Barron Hilton, the son of Conrad Hilton who expanded his father’s hotel empire and made the brand a force in Las Vegas gambling, has died. He was 91.

Hilton died Thursday of natural causes at his home in Los Angeles, according to a statement from the Conrad N. Hilton Foundation.

He spent five decades at Hilton Hotels Corp., serving as chief executive officer for 30 years starting in 1966. During his tenure, the Beverly Hills, California-based company was the fifth-largest U.S. hotel chain. He was co-chairman in 2007, when Blackstone Group Inc. acquired the company — by then the nation’s No. 2 hotel operator — for $26 billion, including debt.

He amassed a net worth of $1.25 billion, according to the Bloomberg Billionaires Index.

Barron Hilton. Photo by Conrad Hilton Foundation

Hilton oversaw the development of the Carte Blanche credit card, which the company sold in 1966 for $12 million to First National City Bank, predecessor to today’s Citigroup Inc. He pioneered the profitable practice of real estate sale-leasebacks, selling the equity in hotels while continuing to manage them.

In the early 1970s, he oversaw the acquisition of the Flamingo Hotel and Las Vegas International, later renamed Las Vegas Hilton. The move made Hilton Hotels the first company listed on the New York Stock Exchange to enter the U.S. gaming industry.

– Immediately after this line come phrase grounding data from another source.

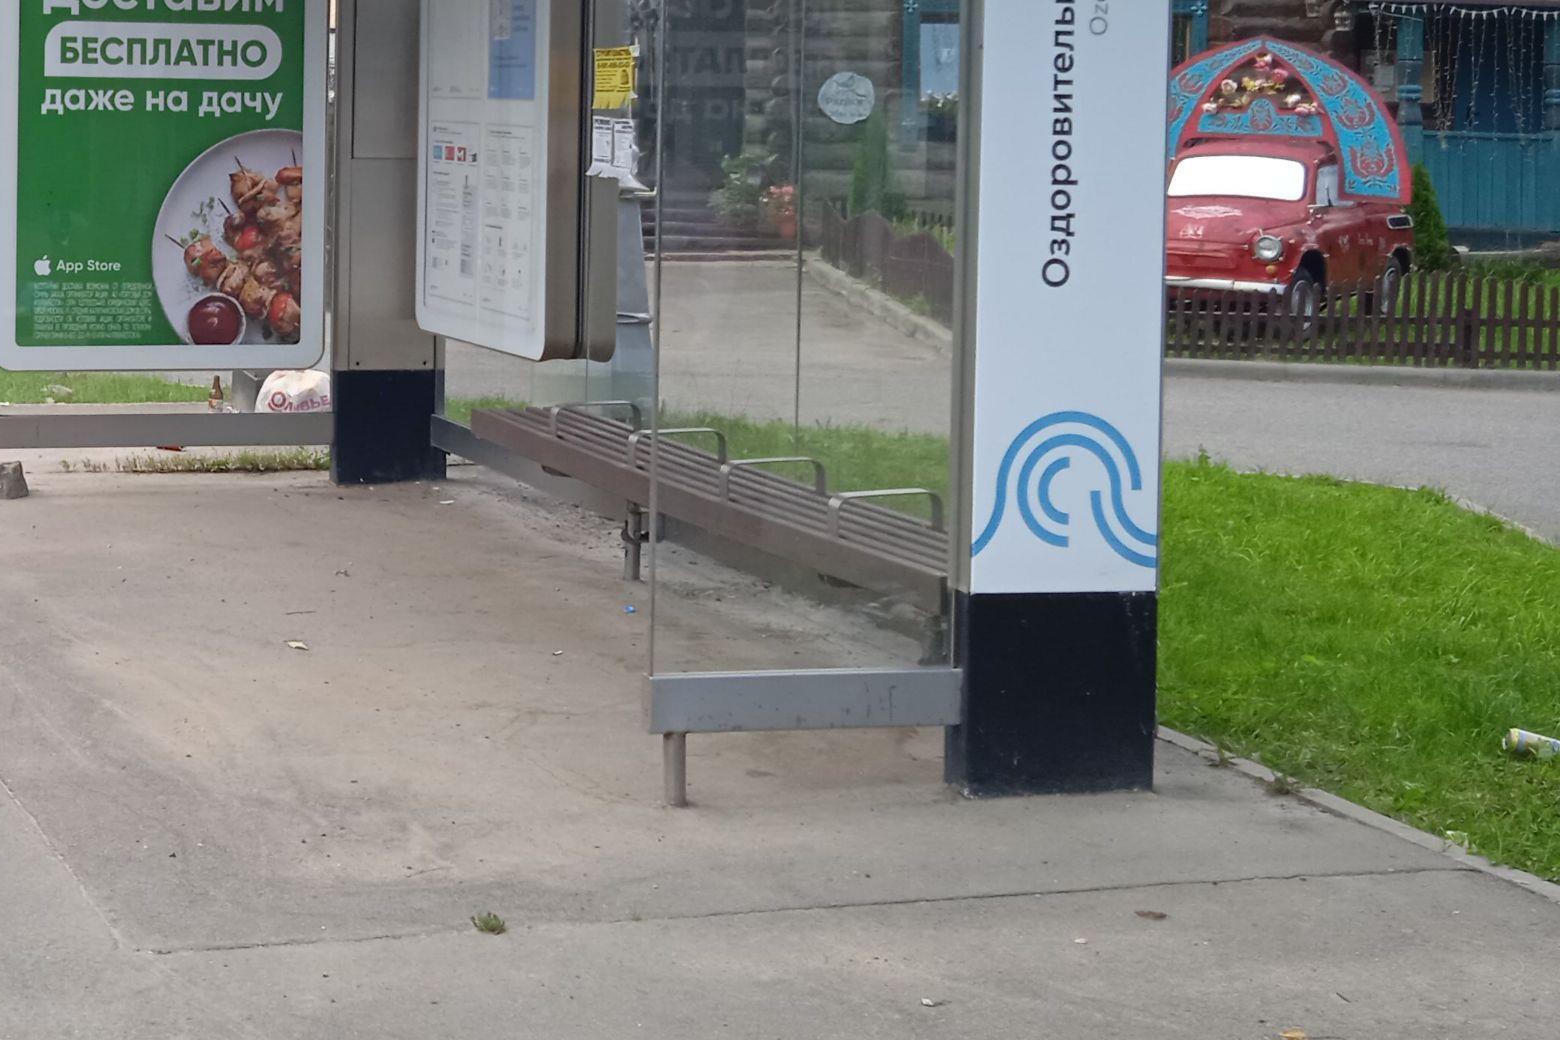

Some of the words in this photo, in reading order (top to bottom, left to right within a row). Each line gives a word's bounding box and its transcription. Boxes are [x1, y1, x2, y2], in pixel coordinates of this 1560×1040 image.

[59, 36, 268, 68] БЕСПЛАТНО
[40, 88, 135, 116] даже
[145, 90, 189, 112] на
[197, 91, 284, 120] дачу
[56, 259, 84, 274] App
[86, 259, 121, 271] Store

As chairman, Hilton worked with CEO Stephen Bollenbach to expand the company’s casino operations into Mississippi and Atlantic City, New Jersey, and acquire Bally Entertainment Corp. for about $3 billion in 1996. Two years later, the executives spun off their gambling unit.

Power of Hospitality

“I always found inspiration in how he saw the tremendous potential of hospitality to change the world for the better,” Hilton CEO Christopher Nassetta said in a statement.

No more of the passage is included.